More than just a pebble in your shoe

Tuesday, October 6, 2009

The ability to run is usually taken for granted. One foot goes in front of the other. Some people run faster, some slower. Elite athletes can combine speed with the ability to turn or twist on a dome. Unfortunately, pain is the great equalizer. A small injury to a structure in the foot causes pros and fans alike to slow down. Quarterback Eli Manning has found that plantar fasciitis caused him to come to a screeching halt.

The plantar fascia is a dense band of tissue that runs from the heel to the base of the toes, forming a bow string with the bony arch of the foot and acting as a shock absorber for the forces that are generated when the foot strikes the ground. If the tension on the fascia increases, repetitive stretching can cause small tears resulting in inflammation, the “itis” of plantar fasciitis. Regardless of whether it is a quarterback, construction worker or a recreational walker, the pain that is associated with that inflammation results in enough pain that limping occurs.

Limping is the body’s way of telling the brain that there is something wrong. Walking or running with untreated plantar fasciitis worsens the inflammation and just reminds the patient to stop the activity that is making the situation worse. Often, the pain of plantar fasciitis has a gradual onset on the sole of the foot at the heel and may radiate towards the toes. Usually the pain is worse after resting, so the first few steps in the morning can be extremely painful.

Mr. Manning had acute onset of pain while planting his foot to throw the football. The alternative diagnoses that could be considered included a stress fracture to a bone in the foot or a torn tendon or ligament. His diagnosis was confirmed by MRI; though “normal” people who don’t have $97 million contracts to play a game often have the diagnosis made by physical examination.

RICE is the first line treatment for plantar fasciitis including rest, ice, compression and elevation. Ibuprofen as an anti-inflammatory will help with the pain. A physical therapist may be the key person in directing the treatment team. Stretching exercises and taping may be helpful. Night splints may also be worn to protect the foot.

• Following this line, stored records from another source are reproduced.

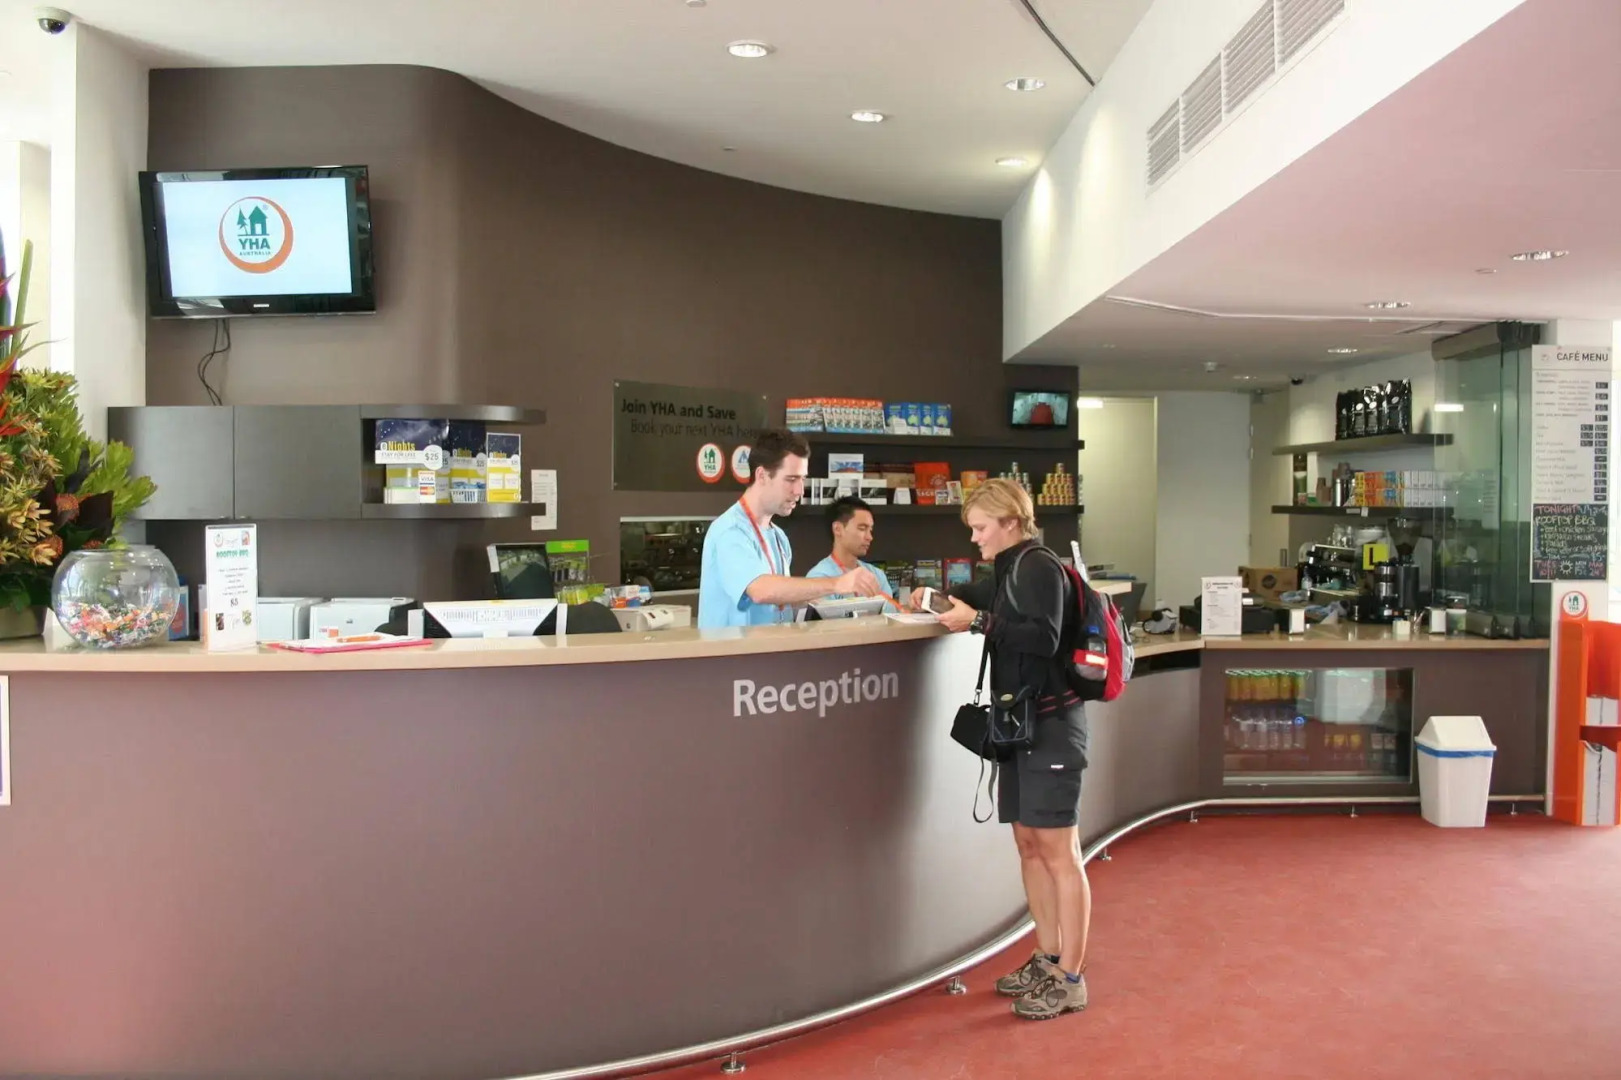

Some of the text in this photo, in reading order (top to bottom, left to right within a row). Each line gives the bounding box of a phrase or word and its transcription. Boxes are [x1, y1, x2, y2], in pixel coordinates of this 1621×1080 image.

[238, 237, 271, 250] YHA
[1556, 350, 1609, 362] CAFÉ MENU
[621, 399, 736, 422] Join YHA and Save
[631, 418, 656, 436] Book
[660, 424, 684, 438] your
[686, 425, 708, 437] next
[710, 424, 734, 438] YHA
[424, 452, 439, 461] $25
[703, 463, 717, 471] YHA
[1535, 515, 1573, 526] ROOFTOP
[733, 668, 899, 718] Reception

Orthotics or shoe inserts may help cushion the foot and relieve stress during the weight bearing phase of walking. Ionophoresis may be the next step, where an electrical current helps drive steroid creams deeper underneath the skin. Steroids may also be injected into or near the areas of inflammation.

The goal of therapy is to return the patient to their level of function. Usually it means being able to walk without pain. For Eli Manning, he will need the ability to run, twist and turn to evade 300lb defensive linemen. Recommendations suggest that activity be limited by pain symptoms and return to practice should be gradually increased, again based upon pain. It may take weeks for complete healing and chronic pain can occur if return to play is rushed. For the non-elite athlete it may take up to a year to become pain free.

Pro football players tend to ignore the textbook when it comes to injury rehabilitation. They measure their return from knee surgery in days, not weeks. Broken bones aren’t a reason to miss practice. But while Manning’s will may be strong, the amount of force generated by running may cause enough pain to become his Achilles’ heel…or make it his plantar fascia.